Berlins Kultursenatorin Sarah Wedl-Wilson zieht die Konsequenzen aus der Berliner Fördergeldaffäre, berichtet der Spiegel. Die parteilose Kultursenatorin, die erst im Mai 2025 als Nachfolgerin von Joe Chialo (CDU) ins Amt gekommen war, hat beim Regierenden Bürgermeister Kai Wegner um ihre Entlassung gebeten.
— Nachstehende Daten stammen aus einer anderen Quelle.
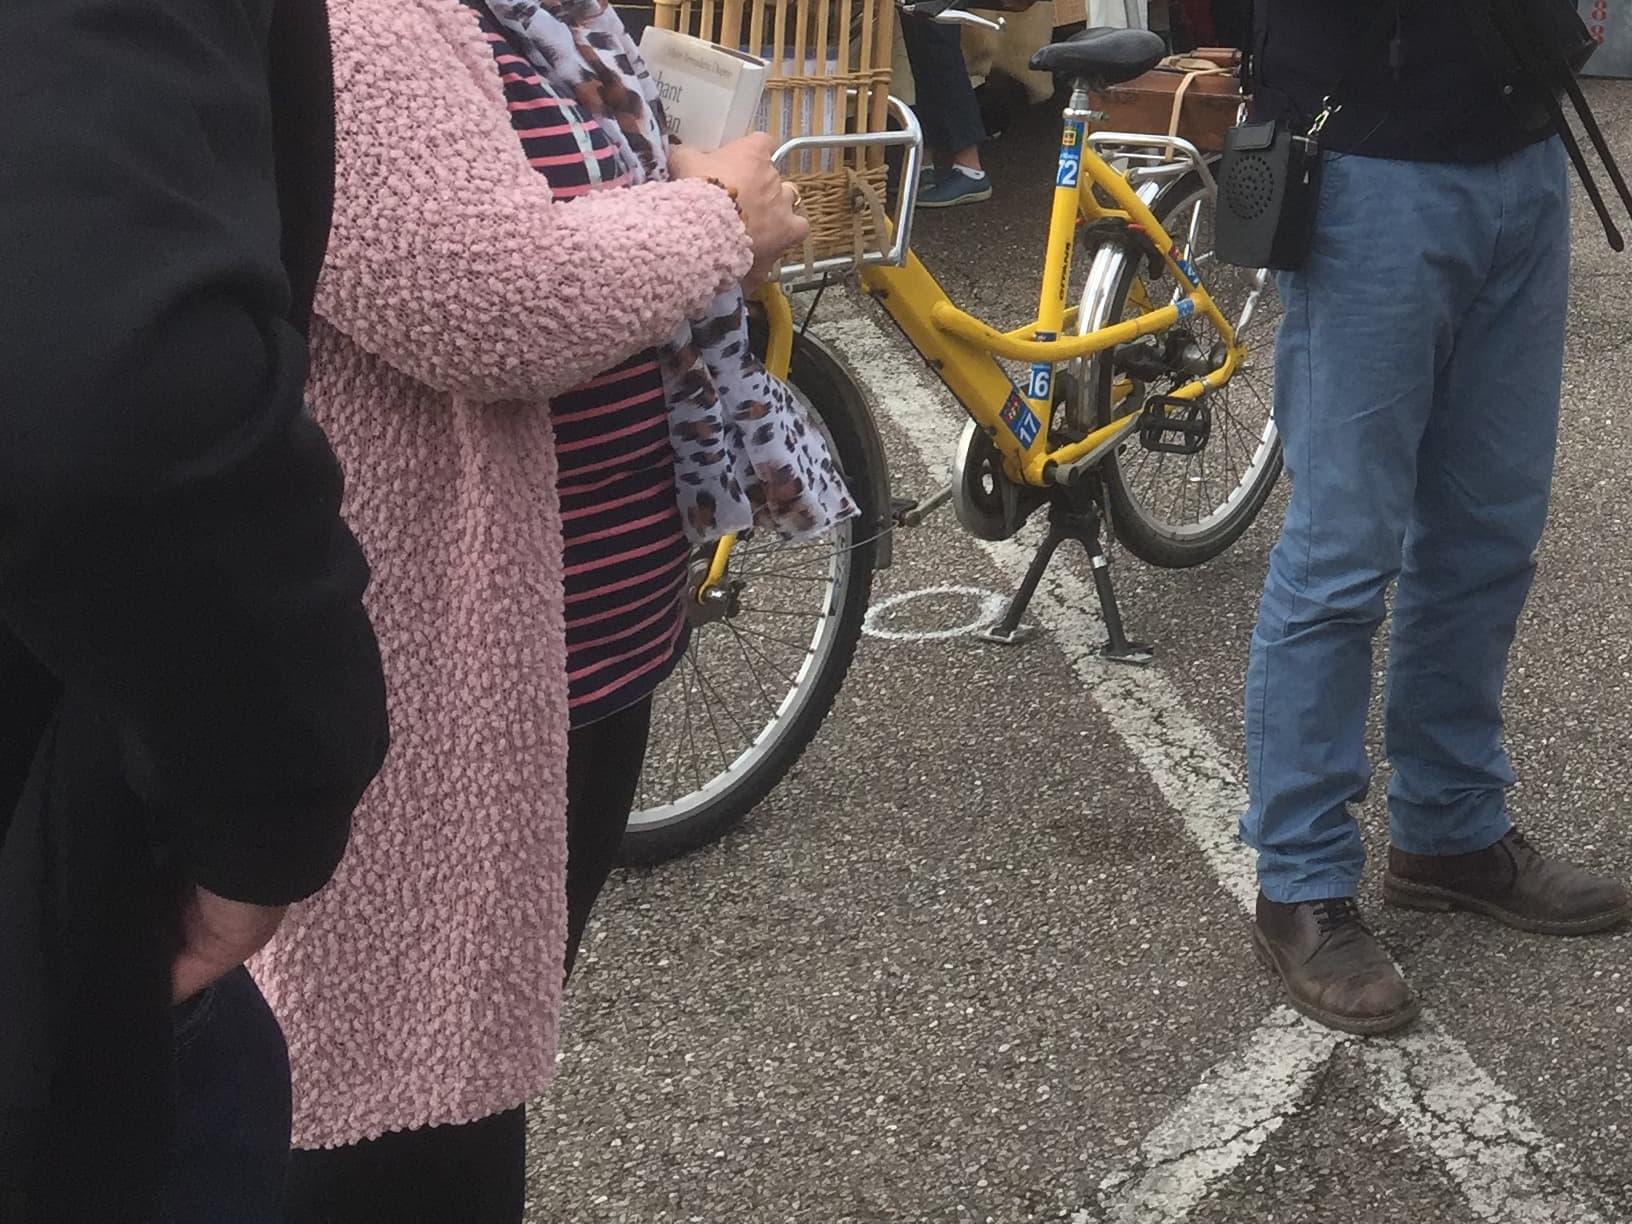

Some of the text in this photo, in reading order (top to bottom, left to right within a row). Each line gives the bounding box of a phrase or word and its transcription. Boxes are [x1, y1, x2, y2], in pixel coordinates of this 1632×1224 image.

[654, 71, 682, 104] hant
[1028, 369, 1050, 397] 16
[1019, 411, 1038, 444] 17
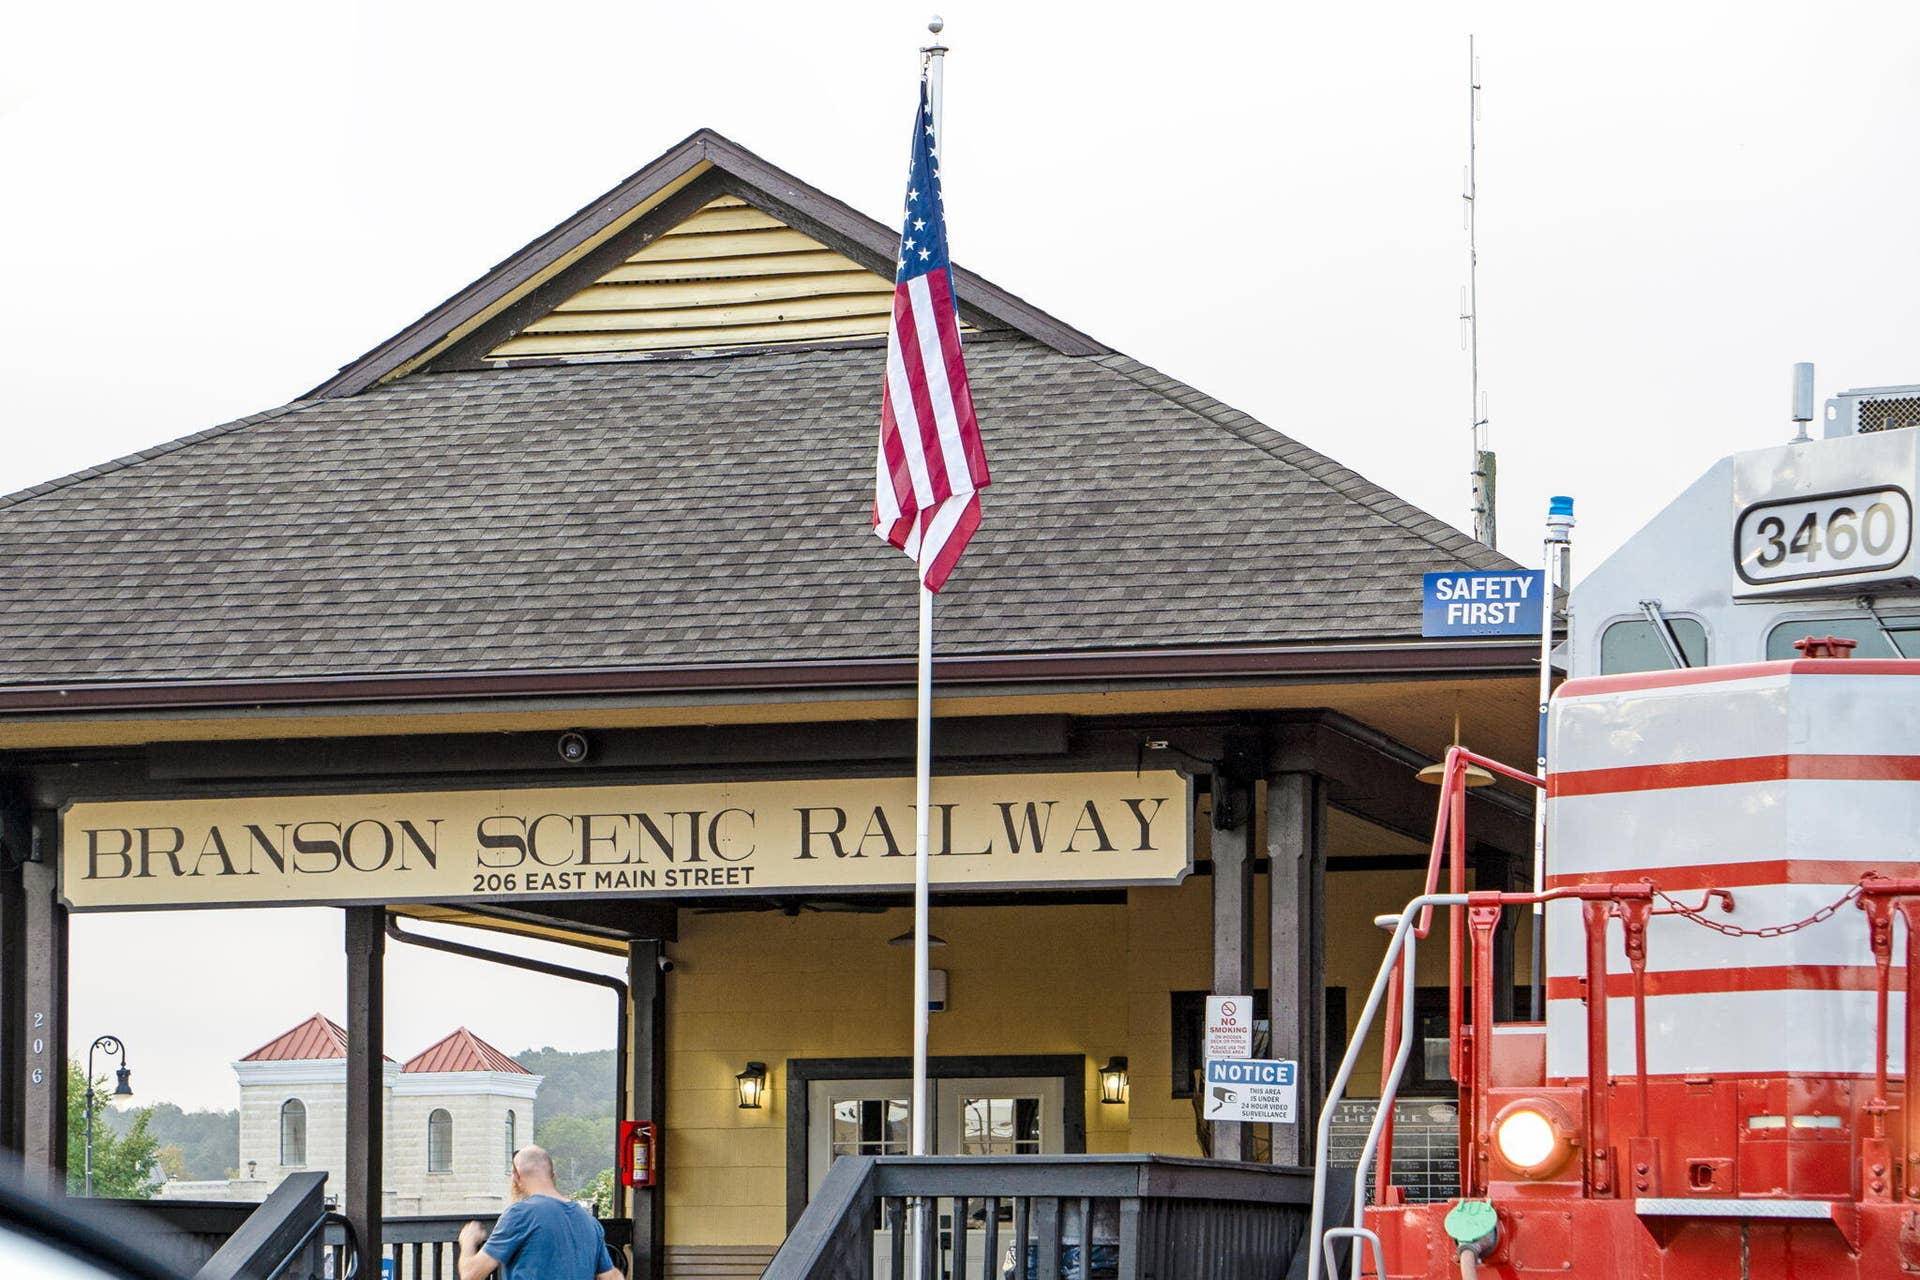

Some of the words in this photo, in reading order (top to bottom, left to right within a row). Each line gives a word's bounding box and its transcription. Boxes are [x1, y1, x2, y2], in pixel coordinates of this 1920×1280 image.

[1756, 502, 1896, 569] 3460
[1435, 576, 1534, 601] SAFETY
[1447, 602, 1520, 625] FIRST
[81, 819, 445, 880] BRANSON
[476, 808, 755, 868] SCENIC
[472, 873, 517, 892] 206
[526, 871, 587, 891] EAST
[595, 869, 656, 889] MAIN
[664, 866, 755, 887] STREET
[1209, 1026, 1248, 1034] SMOKING
[1221, 1018, 1237, 1026] NO
[1214, 1064, 1288, 1083] NOTICE
[1264, 1088, 1281, 1096] AREA
2023 hatte das Land Berlin nach dem Terroranschlag der Hamas gegen Israel Millionenbeträge für Projekte gegen Antisemitismus bereitgestellt, maßgeblich auf Druck der Berliner CDU. Politiker der Regierungspartei sollen dabei Empfänger der Gelder persönlich vorgeschlagen sowie die fachlich zuständige Berliner Kulturverwaltung beeinflusst haben, wie im November 2025 bekannt wurde. Seit März 2026 prüft ein Untersuchungsausschuss die Vorwürfe.

Erst vor wenigen Tagen wurde der Staatssekretär für gesellschaftlichen Zusammenhalt, Oliver Friederici (CDU), im Zuge der Aufarbeitung der Vorgänge entlassen. Diese Entscheidung des Senats zog Kritik nach sich, weil Friederici nach Medieninformationen hausintern auf der Regelkonformität der Fördermittelvergabe bestanden hatte.

Zuletzt erhob der Rechnungshof schwere Vorwürfe und schätzte in einem Gutachten das Zuwendungsverfahren für die Fördergelder gegen Antisemitismus als „evident rechtswidrig“ ein. Wedl-Wilson hatte die Mittel freigegeben, nachdem CDU-Abgeordnete zuvor auf eine rasche Förderung der von der Fraktion benannten Projekte gedrängt habe sollen.